Is it cold underwater?

At some diving locations the water is warm enough to wear a swimsuit. Other locations require special clothing which makes diving quite comfortable. Neoprene wet suits, in either one-or two-piece styles, trap water next to the body. The neoprene offers a good thermal barrier, and the body heats the thin layer of water between the skin and the suit to increase the insulating effect. Dry suits are rubber or neoprene suits worn with long underwear to keep the diver dry and warm. We will help you select the right type of exposure protection for the water conditions you’ll encounter.

Can I dive during menstruation?

Yes! Many female scuba divers may be worried about shark attacks, bleeding underwater, and other considerations when diving while menstruating, but may be hesitant to ask a male scuba instructor for advice. Rest assured, diving on your period is perfectly fine, but you might want to take a few precautions.

Will Sharks Attack Me If I Dive on My Period?

Thankfully, sharks are not going to smell your blood and come chasing after you if you dive while menstruating. Studies have been conducted to observe sharks’ attraction to human blood. Sharks appear curious, but not aggressive when human blood is in the water.
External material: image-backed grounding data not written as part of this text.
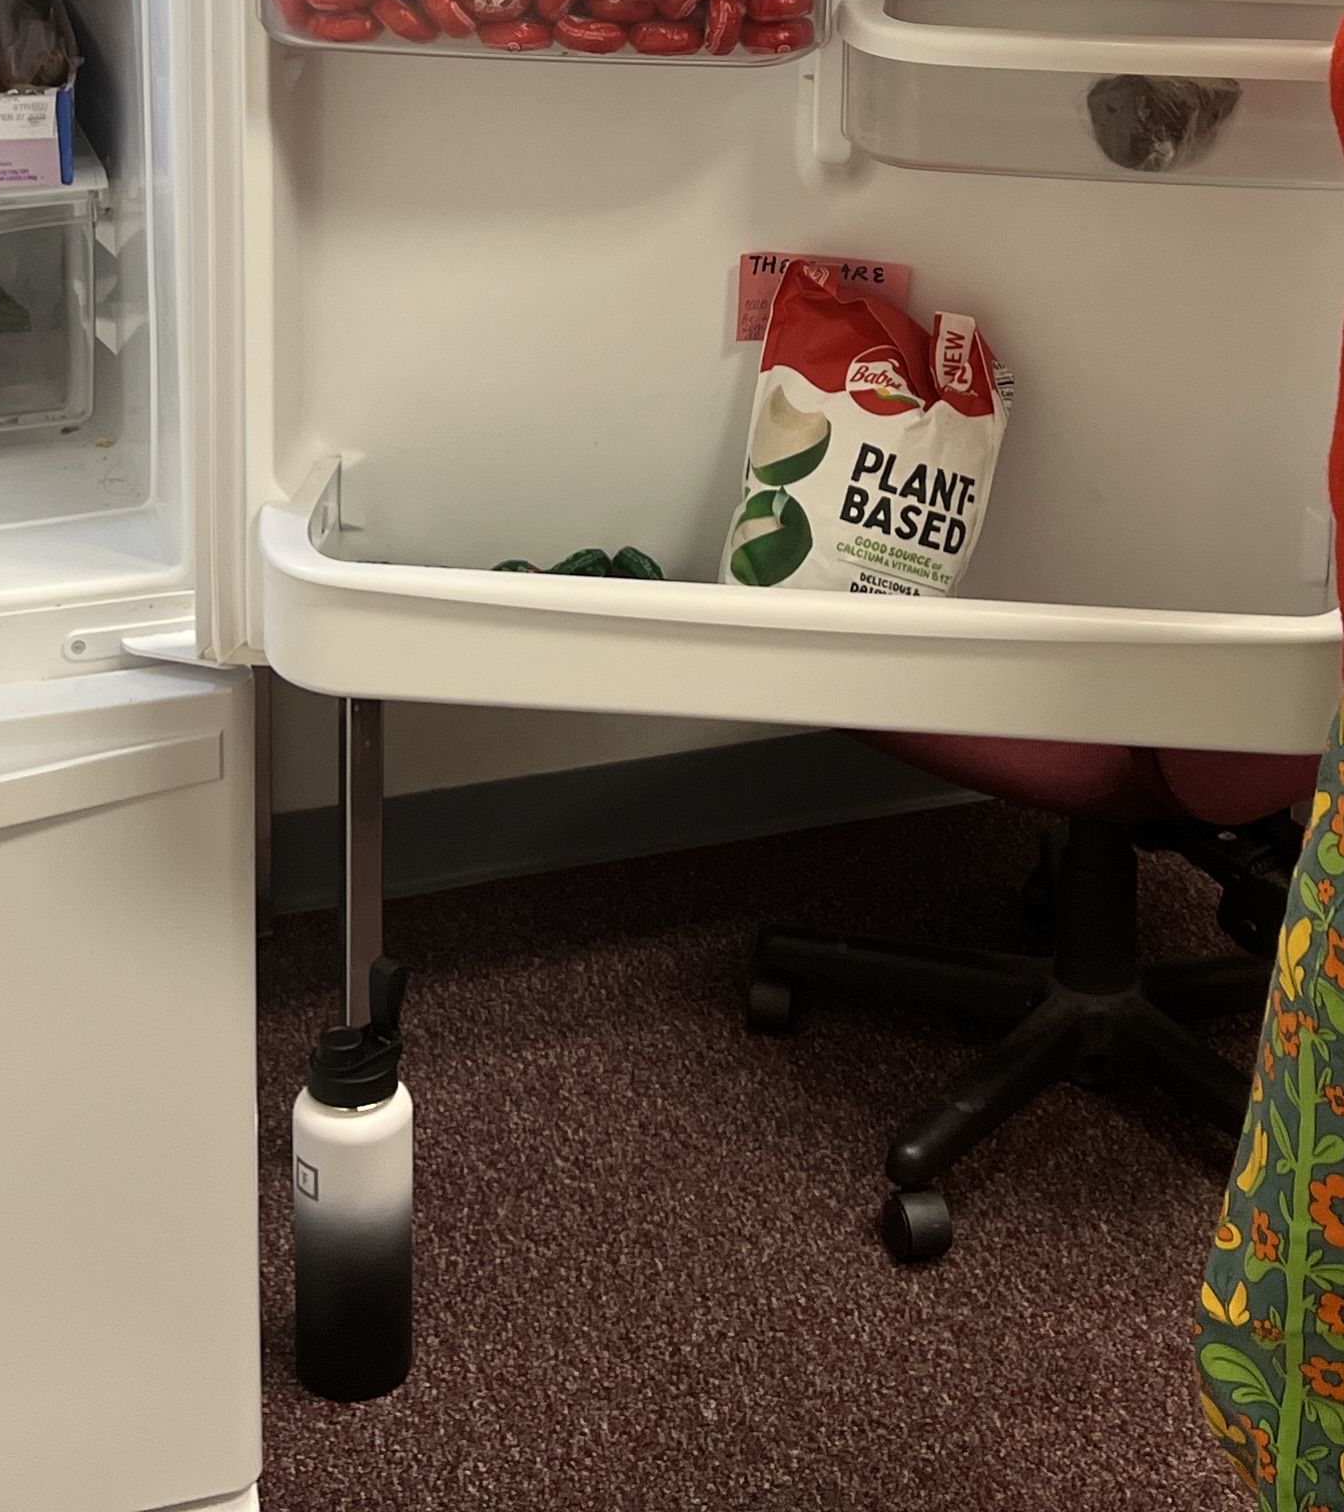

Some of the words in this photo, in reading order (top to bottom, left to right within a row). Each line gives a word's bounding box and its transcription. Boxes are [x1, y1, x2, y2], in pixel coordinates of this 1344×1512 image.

[841, 263, 885, 283] ARE
[943, 330, 966, 381] NEW
[851, 442, 976, 515] PLANT-
[839, 484, 966, 555] BASED
[836, 542, 884, 565] CALCIUM
[891, 560, 930, 579] VITAMIN
[855, 536, 888, 554] GOOD
[888, 546, 932, 567] SOURCE
[932, 562, 943, 570] OF
[859, 572, 912, 594] DELICIOUS
In fact, sharks are most attracted to fish gastric juices (not even fish blood) which makes sense as a fish that is leaking gastric juices is definitely disabled and easy to attack.

Furthermore, a menstruating female loses only a few milliliters of blood a day. The majority of fluid loss due to menstruation is water and uterine lining cells. Most females will find that their period actually stops when they are submerged in water; the vaginal opening stays closed and the increase in ambient pressure helps to keep fluids from leaking out.